What factors limit cell size?

A
  1. Surface area to volume ratio

Small cells have large surface area: Volume ratio (SA: V ratio) while large cells have a small SA: V ratio.

A large SA: V ratio enables fast rate of diffusion while a small SA: V ratio slows the rate of diffusion.

Small cells have low metabolic demands and form low amount of wastes while large cells have higher metabolic demands and form much amount of wastes.

Therefore, the large SA: V ratio in small cells enables adequate supply of oxygen and nutrients and expulsion of wastes e.g. carbon dioxide via the surface of the cell by simple diffusion while the small SA: V ratio in large cells limits diffusion hence the supply of nutrients by simple diffusion is inadequate to meet the metabolic demands of the cell.

  1. Nucleocytoplasmic ratio

DNA in the nucleus provides instructions for protein synthesis hence controls activities of the whole cell.

Each nucleus can only control a certain volume of cytoplasm.

Specialization forms some long / large cells, therefore to overcome this limitation such cells are modified to become multinucleate / coenocyte e.g. skeletal muscle cells and fungal hyphae.

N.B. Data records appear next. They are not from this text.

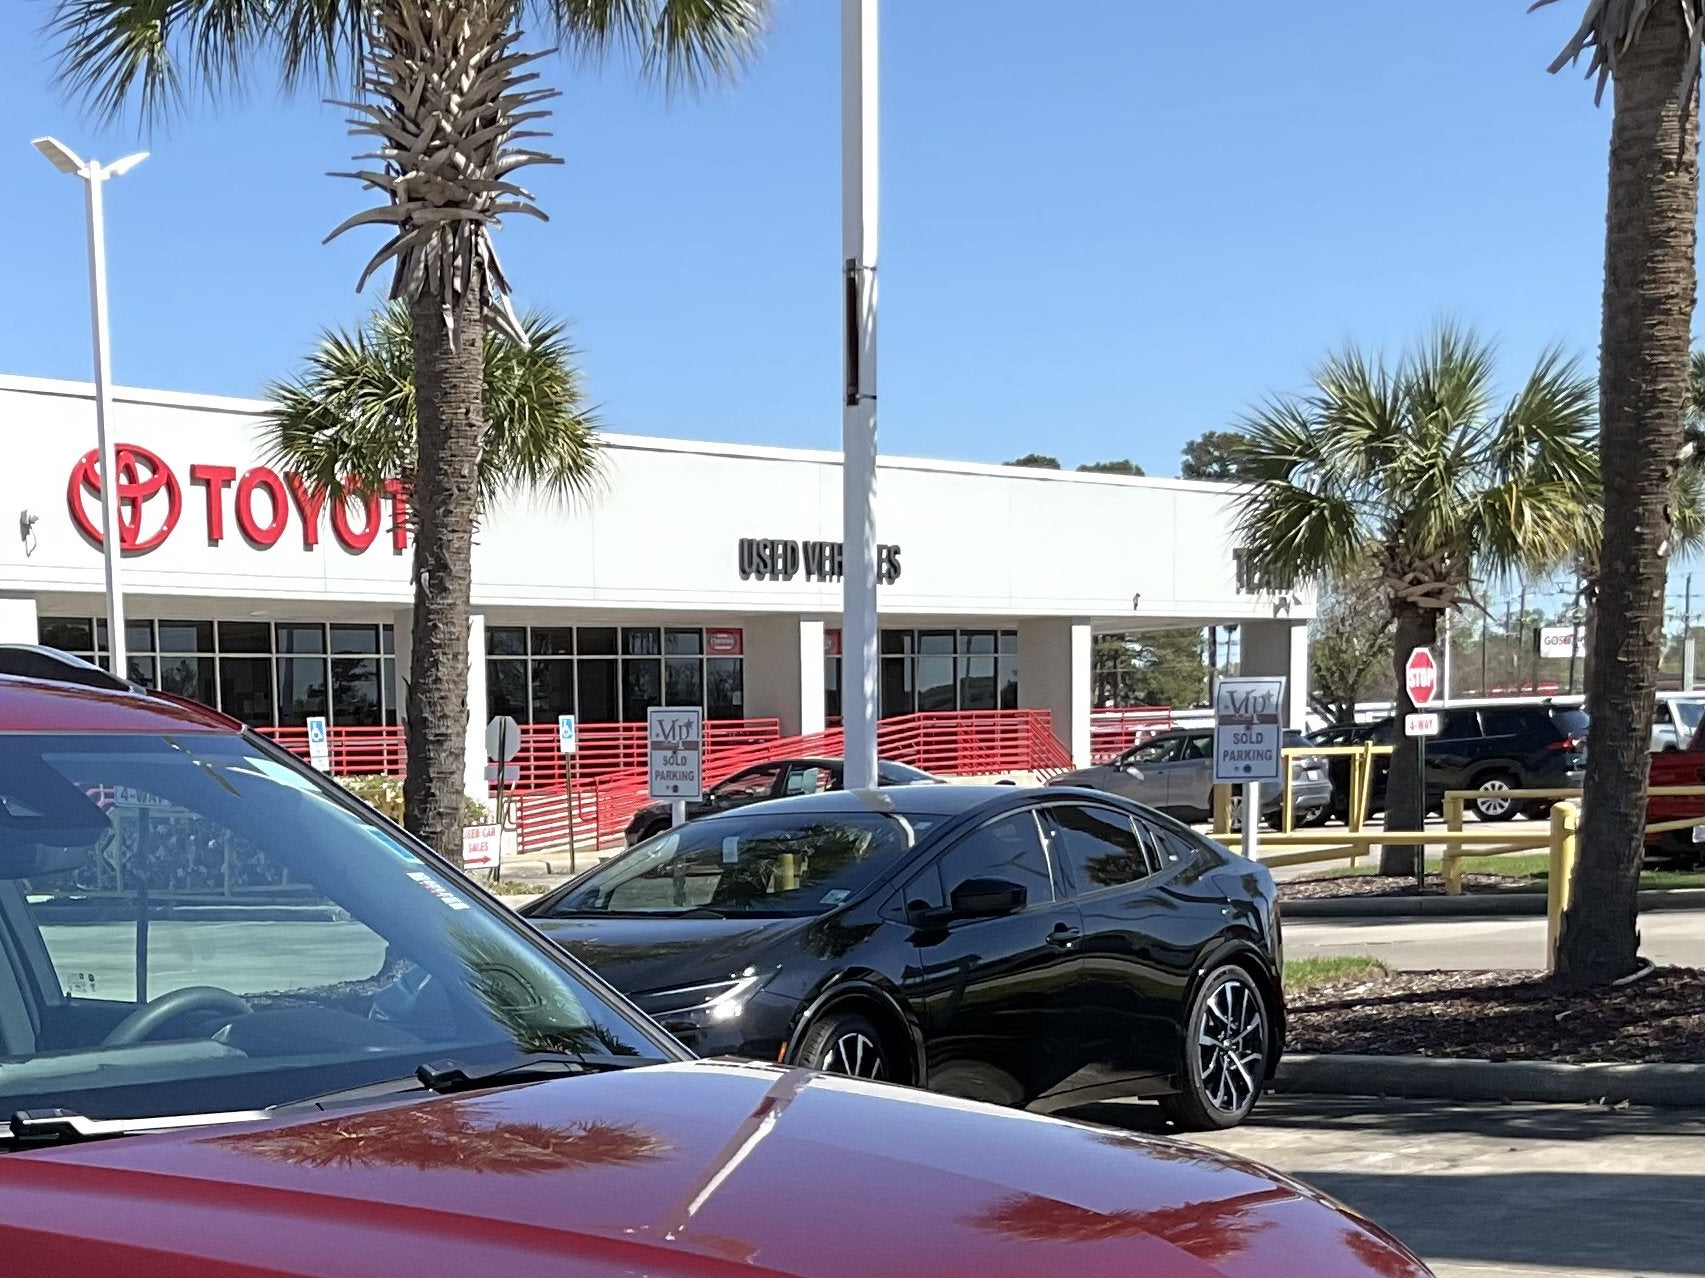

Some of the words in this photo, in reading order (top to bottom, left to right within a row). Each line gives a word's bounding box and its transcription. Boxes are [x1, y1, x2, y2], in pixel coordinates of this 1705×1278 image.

[190, 464, 414, 555] TOYOT
[739, 538, 799, 581] USED
[802, 541, 901, 585] VEHES
[1408, 667, 1434, 688] STOP
[1409, 720, 1433, 730] 4-WAY
[1233, 733, 1263, 744] SOLD
[662, 755, 687, 766] SOLD
[1223, 749, 1272, 761] PARKING
[654, 770, 695, 781] PARKING
[482, 827, 496, 838] CAR
[469, 842, 489, 853] SALES
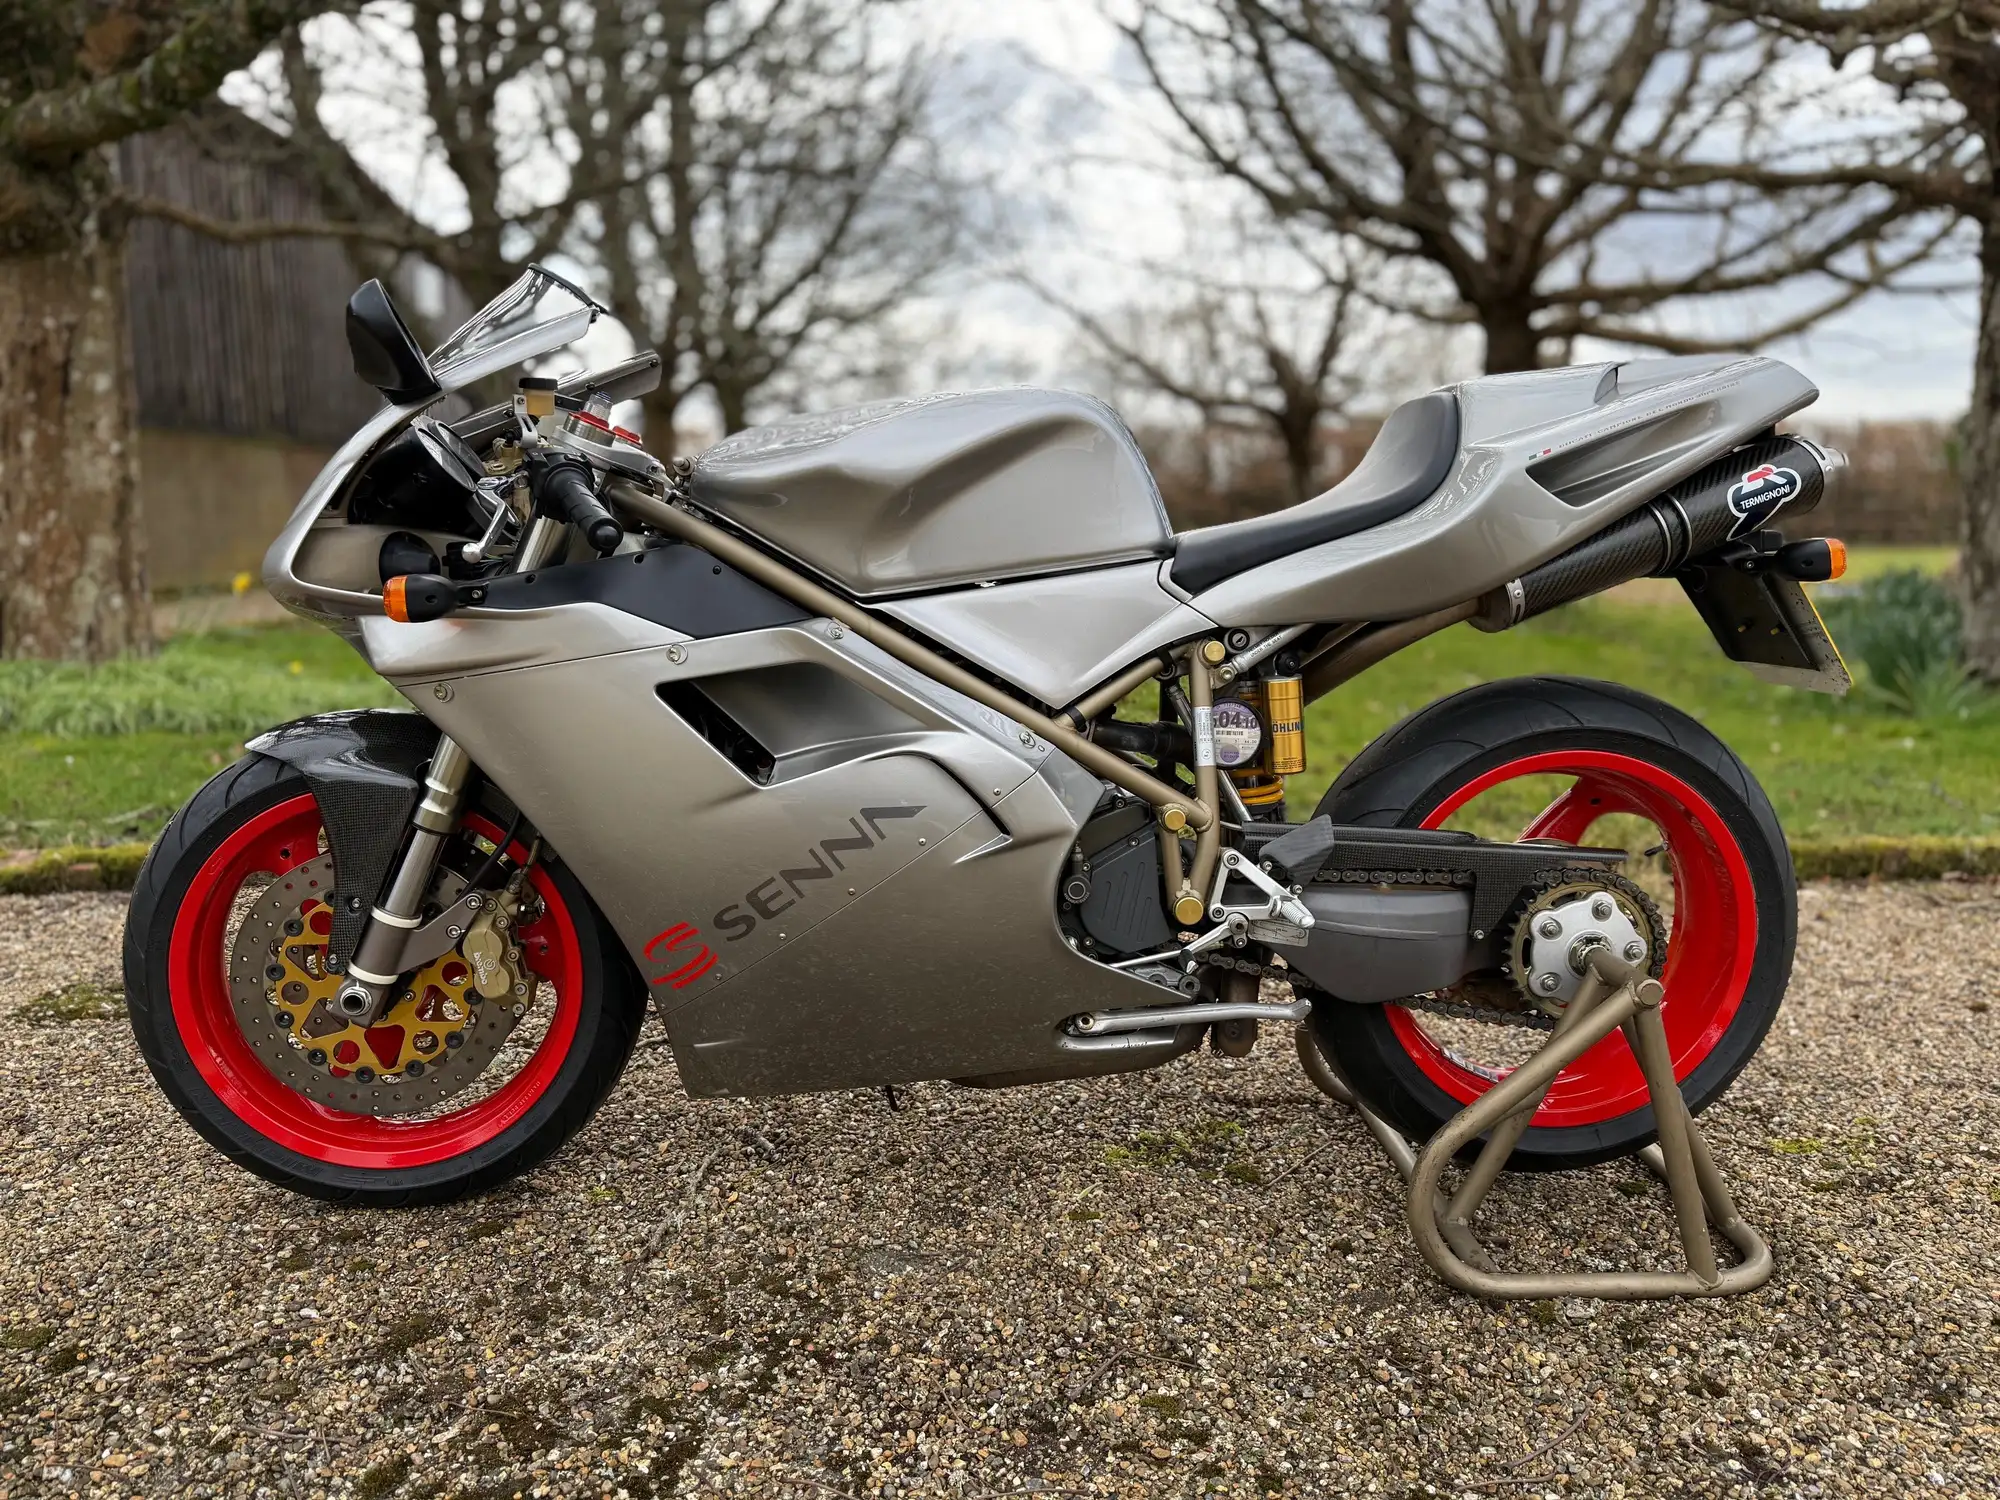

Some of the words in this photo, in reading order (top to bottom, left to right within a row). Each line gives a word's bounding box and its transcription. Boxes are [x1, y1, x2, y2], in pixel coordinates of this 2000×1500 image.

[1740, 484, 1791, 509] TERMIGNONI
[712, 805, 928, 942] SENNA
[473, 952, 488, 985] brembo

  1. Fragility of cell membrane

As cell size increases, the risk of damage to the cell membrane also increases. This limits the maximum size of cells, especially animal cells.

Hence;
(i) In animals, some large sized cells take in substances in bulk by endocytosis and expel bulk
substances by exocytosis to supplement on simple diffusion.

(ii) Some animal cells increase their surface area by forming many tiny projections called microvilli.

(iii) Some cells divide when they reach a certain size to maintain suitable SA: V ratio.

Note: SA: V ratio particularly limits the size of bacterial cells, i.e. prokaryotic cells which are incapable of endocytosis and exocytosis.

  1. Mechanical structures that hold the cell together

Cells with tough cell walls e.g. plant cells are larger than cells with only the fragile cell membrane e.g. animal cells because the tough walls provide support and maintain cell shape.

Cells with complex internal cytoskeleton are larger than cells with little cytoskeleton because the cytoskeleton protects and supports the cell structure and maintains cell shape.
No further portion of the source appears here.